While the research aspect has ended, it has opened up new frontiers of implementation possibilities including translating academics into action.
“We need to sieve the messages from these research reports to immediately pass them to user- institutions in government ministries and policy together with decision makers of target countries, and in particular to sectors that include agriculture, food security, health, water, disaster management, energy and transport among others.” Mukabana who also serves in the CR4D Oversight Board says. “The messages need also to reach the users at the ‘last mile’, notably the peasant farmers, pastoralists, fishermen and small-scale traders, among others.”
Ken De Souza the research manager at the UK Foreign and Commonwealth Development Office (FCDO) acknowledged the enthusiasm displayed by the pioneering cohort in finding homegrown solutions and called for the strengthening of human resources aspect and communication channels to ensure feedback among all stakeholders. According to De Souza, the research findings are a new chapter that boosts the understanding and appreciation of climate change and development in Africa and needs to reach key decision makers for continuity and replication. “Demonstrate socio-economic benefits and present in compelling way to decision makers.” De Souza says. “Secure political buy-in which is helpful as ‘champions’ to embed in national and local policy, plans and budgets.”

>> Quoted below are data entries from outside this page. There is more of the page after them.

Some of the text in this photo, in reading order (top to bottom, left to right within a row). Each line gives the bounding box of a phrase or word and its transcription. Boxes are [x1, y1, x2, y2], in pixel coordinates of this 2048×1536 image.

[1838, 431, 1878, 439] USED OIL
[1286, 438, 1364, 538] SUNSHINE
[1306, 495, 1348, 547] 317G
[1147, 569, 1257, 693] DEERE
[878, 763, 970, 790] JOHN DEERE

The intensity and frequency of disruptions in natural and socioeconomic systems caused by climate change have placed a heavy toll on African nations forcing governments and stakeholders to plan necessary interventions to forestall risks. It is with this realization that CR4D has become an indispensable pillar of this decade’s African climate and development narrative.

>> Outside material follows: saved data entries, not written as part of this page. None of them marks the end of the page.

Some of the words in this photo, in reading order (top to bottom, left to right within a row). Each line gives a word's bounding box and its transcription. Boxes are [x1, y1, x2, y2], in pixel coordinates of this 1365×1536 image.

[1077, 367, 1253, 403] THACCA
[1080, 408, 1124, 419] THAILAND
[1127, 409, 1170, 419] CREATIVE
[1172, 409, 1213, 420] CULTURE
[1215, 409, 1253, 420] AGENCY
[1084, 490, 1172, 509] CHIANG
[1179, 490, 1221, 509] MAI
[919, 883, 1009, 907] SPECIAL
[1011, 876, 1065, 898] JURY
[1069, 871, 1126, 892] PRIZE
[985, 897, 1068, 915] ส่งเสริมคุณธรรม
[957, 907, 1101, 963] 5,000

“Our expectation is that this first cohort of CR4D researchers constitutes the beginnings of an African epistemological community contributing critical analyses and perspectives to our understanding of the climate change and development nexus in Africa and globally.” Murombedzi says.
Rectifying critical climate knowledge gaps and subsequent interpretation, dissemination and easier communication to support development planning in Africa remains as core objectives of the CR4D initiative.

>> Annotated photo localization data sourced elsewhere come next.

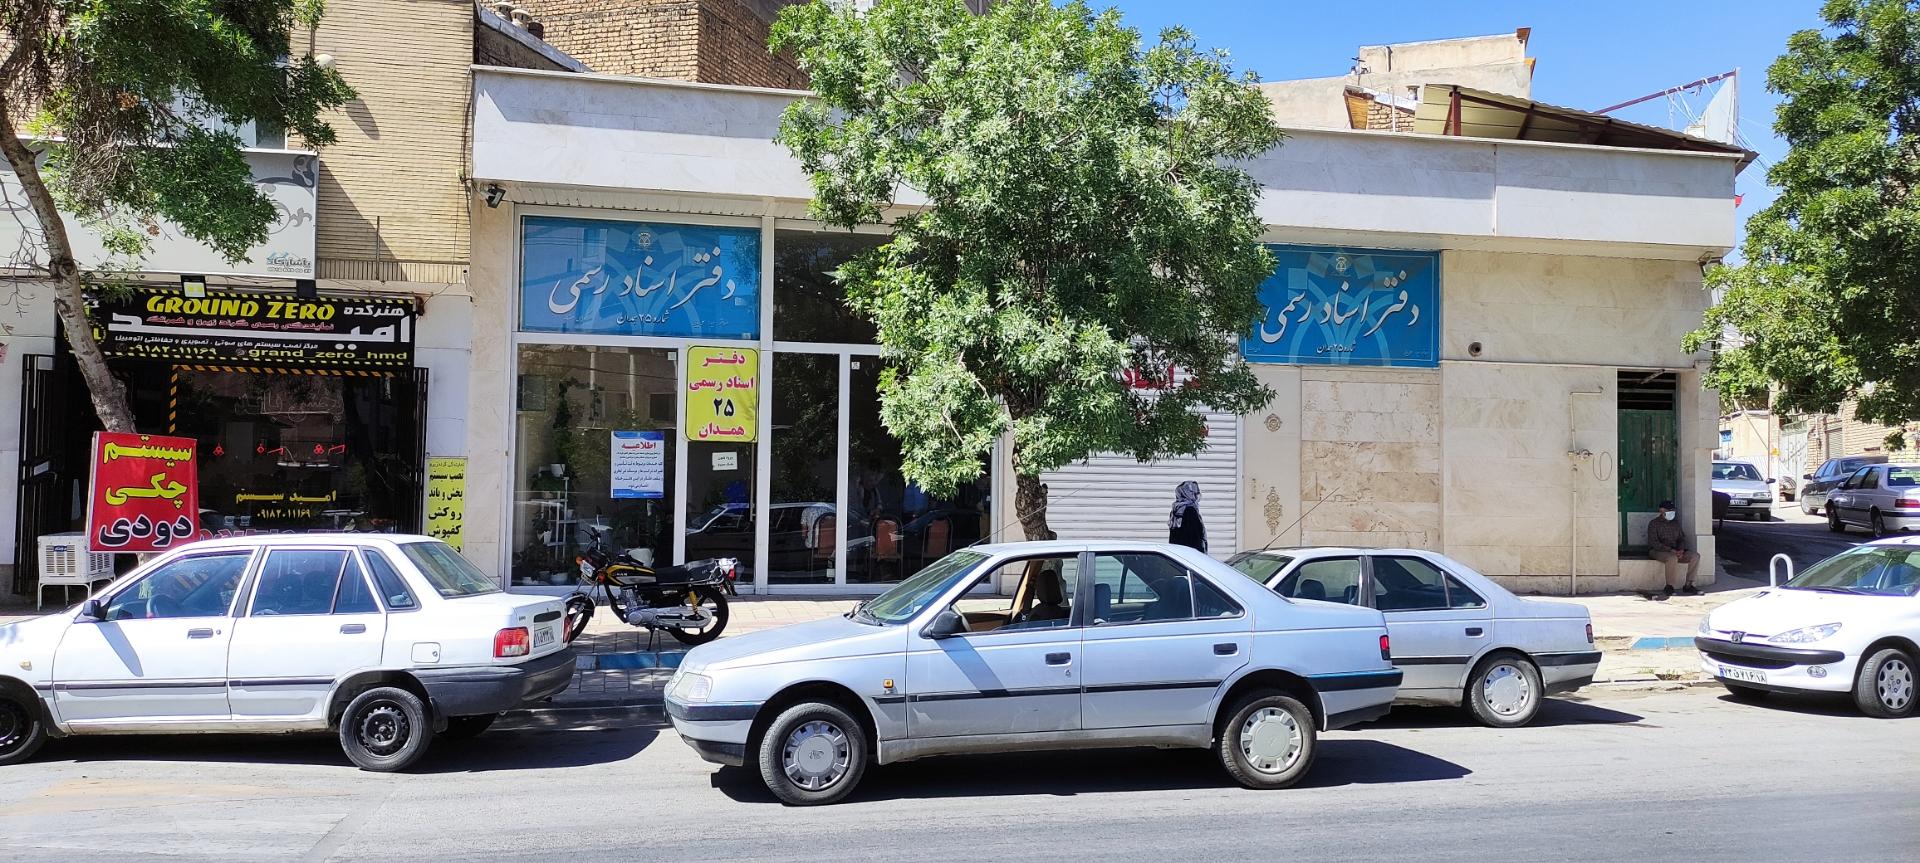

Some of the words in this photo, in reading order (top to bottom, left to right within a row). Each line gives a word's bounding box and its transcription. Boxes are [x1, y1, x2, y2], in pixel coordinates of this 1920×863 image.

[618, 255, 677, 297] اسناد
[670, 246, 736, 310] دفتر
[548, 264, 610, 314] رسمی
[146, 295, 259, 317] GROUND
[266, 301, 335, 320] ZERO
[1319, 280, 1369, 326] اسناد
[1363, 270, 1420, 337] دفتر
[343, 304, 405, 318] هنرکده
[1260, 290, 1313, 344] رسمی
[107, 311, 411, 351] امید
[250, 320, 280, 330] رسمی
[281, 321, 335, 332] نمایندگی
[115, 334, 143, 342] اتومبیل
[144, 335, 174, 344] حفاظتی
[181, 337, 210, 346] تصویری
[214, 337, 236, 347] صوتی
[237, 339, 253, 347] های
[253, 339, 281, 349] سیستم
[282, 341, 302, 349] نصب
[248, 349, 408, 360] grand_zero_hmd
[702, 350, 746, 367] دفتر
[688, 377, 723, 392] رسمی
[726, 375, 755, 389] اسناد
[713, 397, 735, 417] ۲۵
[698, 421, 745, 439] همدان
[103, 434, 193, 467] سیستم
[621, 441, 656, 451] اطلاعیه
[429, 470, 448, 482] سیستم
[450, 469, 464, 482] نصب
[105, 472, 188, 509] چکی
[236, 488, 285, 505] سیستم
[289, 490, 337, 505] امید
[428, 487, 440, 500] باند
[98, 513, 194, 548] دودی
[427, 525, 462, 539] کفپوش

“In terms of climate research for development, it also is critical for us to ensure inclusion across our continent. Climate change has an impact on all of us but in particular we can see the impact on women and also the reduced opportunities for income generation for our young people.” Adam says. “So addressing these cross cutting issues in a focused manner by focusing our research on ways in which we can precisely build this resilience and also ensure equity, equality and inclusion in all economic activities across our continent.”